Thanks for your quick response! Unfortunately, I have tried what you just suggested and it did not work. Afterward I reinstalled both synda-env and synda itself, but the sqlite3.OperationalError: database is locked keeps appearing. I checked on the web and I have not found any clear answer to this problem. So I am completely stuck right now. If you have any other suggestion, I would much appreciate it. My apologies for bothering you with this issue! Best, Xavier

pjournou-ipsl commented 2 years ago

Are you sure that synda points on your new empty DB ? See the path in your ST_HOME environment variable. You can also remove all the files (*.db) in your ST_HOME/db directory and make an other test (Synda will create a new db automatically). Sorry for my trivial suggestions. I really try to understand the root of your problem.

pjournou-ipsl commented 2 years ago

I note that you are still using the same conda environment "synda-env". An other idea consists on creating a new conda environment to see if synda works fine or not in this new one. It does not take a long time and it could help to evaluate this other possible cause of your problem.

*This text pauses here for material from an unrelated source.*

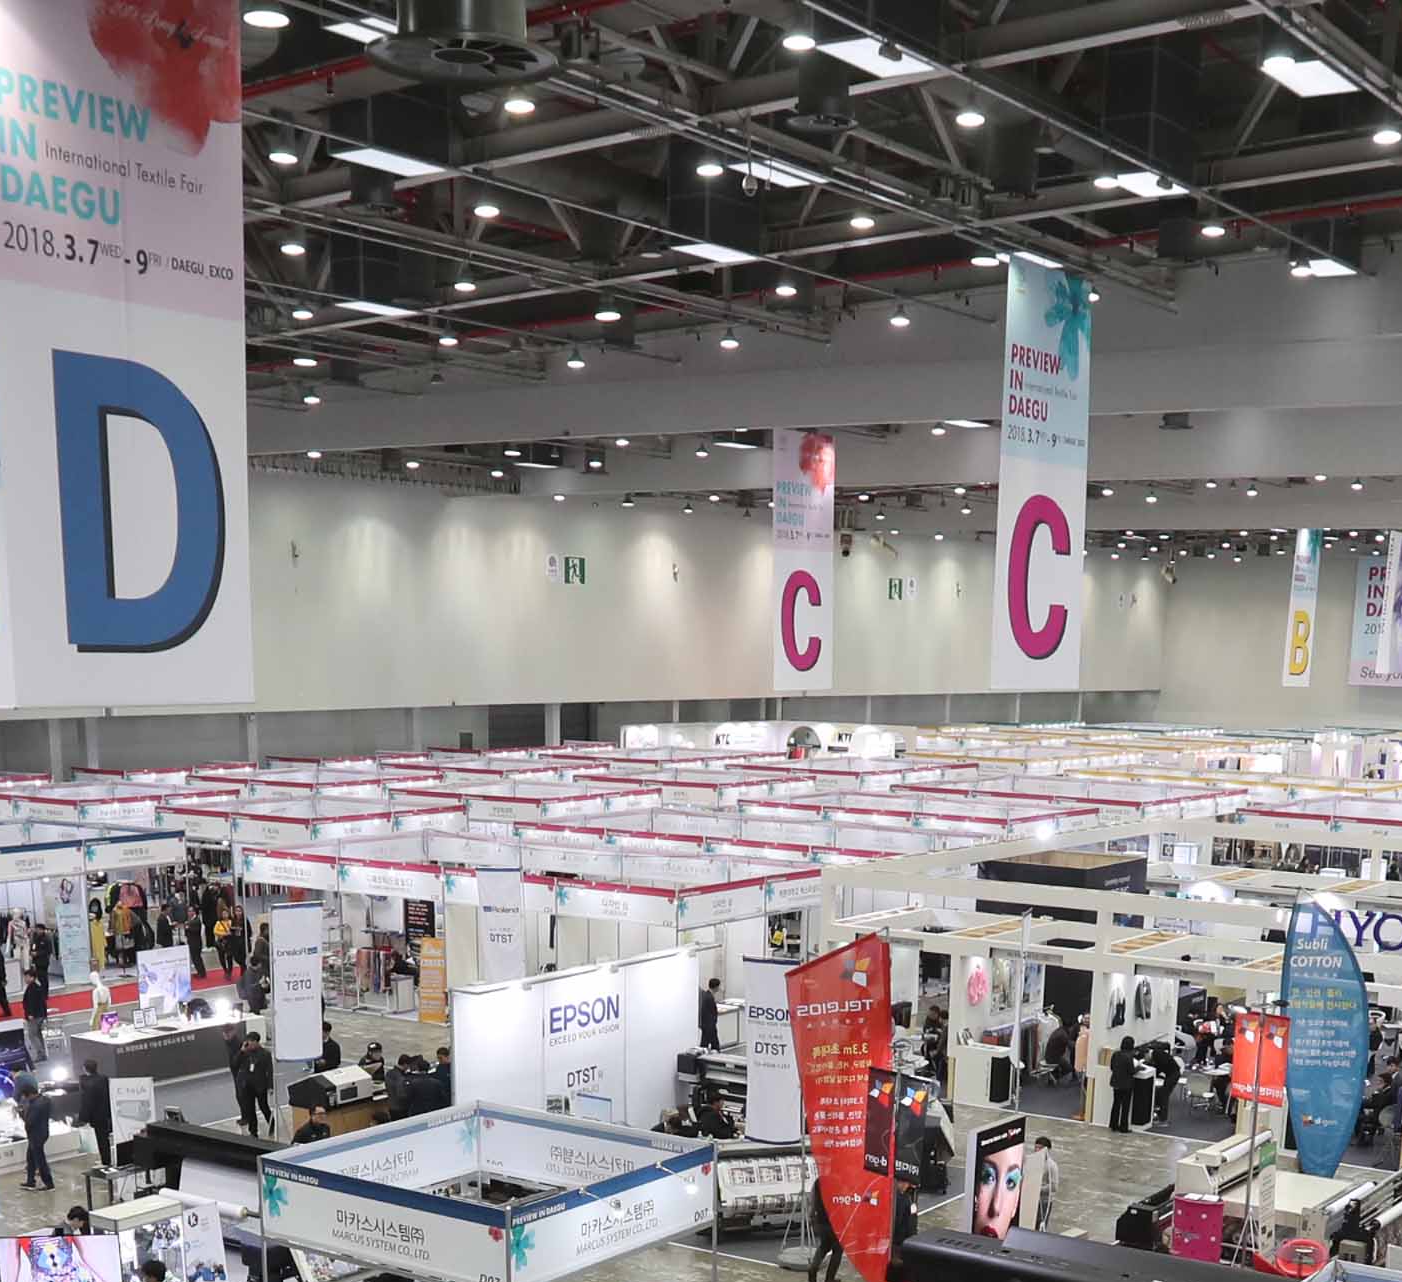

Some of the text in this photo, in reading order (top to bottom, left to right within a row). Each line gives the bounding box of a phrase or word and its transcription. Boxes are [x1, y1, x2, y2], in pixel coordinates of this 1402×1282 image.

xlevine commented 2 years ago

Hi @pjournou-ipsl Thanks again for your help. I have tried everything you described: setting up a new environment ("synda-environment"), deleting files in the db directory and re-initializing synda, but still the same problem arise. See below the error message I keep getting every time I do a synda command:

synda queue

Error occured at 2021-12-11 08:58:49.747170

Traceback (most recent call last): File "/cluster/home/xale/.conda/envs/synda-environment/bin/synda", line 33, in sys.exit(load_entry_point('synda==3.35', 'console_scripts', 'synda')()) File "/cluster/home/xale/.conda/envs/synda-environment/lib/python3.8/site-packages/synda/sdt/main.py", line 196, in run status = sdtiaction.actionsargs.subcommand File "/cluster/home/xale/.conda/envs/synda-environment/lib/python3.8/site-packages/synda/sdt/sdtiaction.py", line 526, in queue from synda.sdt import sdfilequery File "/cluster/home/xale/.conda/envs/synda-environment/lib/python3.8/site-packages/synda/sdt/sdfilequery.py", line 21, in from synda.sdt import sddb File "/cluster/home/xale/.conda/envs/synda-environment/lib/python3.8/site-packages/synda/sdt/sddb.py", line 94, in connect() File "/cluster/home/xale/.conda/envs/synda-environment/lib/python3.8/site-packages/synda/sdt/sddb.py", line 50, in connect sddbobj.create_tables(conn) File "/cluster/home/xale/.conda/envs/synda-environment/lib/python3.8/site-packages/synda/sdt/sddbobj.py", line 48, in create_tables conn.execute("create table if not exists file (file_id INTEGER PRIMARY KEY, url TEXT, file_functional_id TEXT, filename TEXT, local_path TEXT, data_node TEXT, checksum TEXT, checksum_type TEXT, duration INT, size INT, rate INT, start_date TEXT, end_date TEXT, crea_date TEXT, status TEXT, error_msg TEXT, sdget_status TEXT, sdget_error_msg TEXT, priority INT, tracking_id TEXT, model TEXT, project TEXT, variable TEXT, last_access_date TEXT, dataset_id INT, insertion_group_id INT, timestamp TEXT)") sqlite3.OperationalError: database is locked

I am really puzzled because I have erased the previous synda data folder, created a new synda environmnent, re-installed synda, and despite all of this the data lock error keeps appearing whatever I do. And unfortunately "sqlite3.OperationalError: database is locked" is a very cryptic error message, with not much help I can find online.... I am open to any other suggestion from you, many thanks for your help!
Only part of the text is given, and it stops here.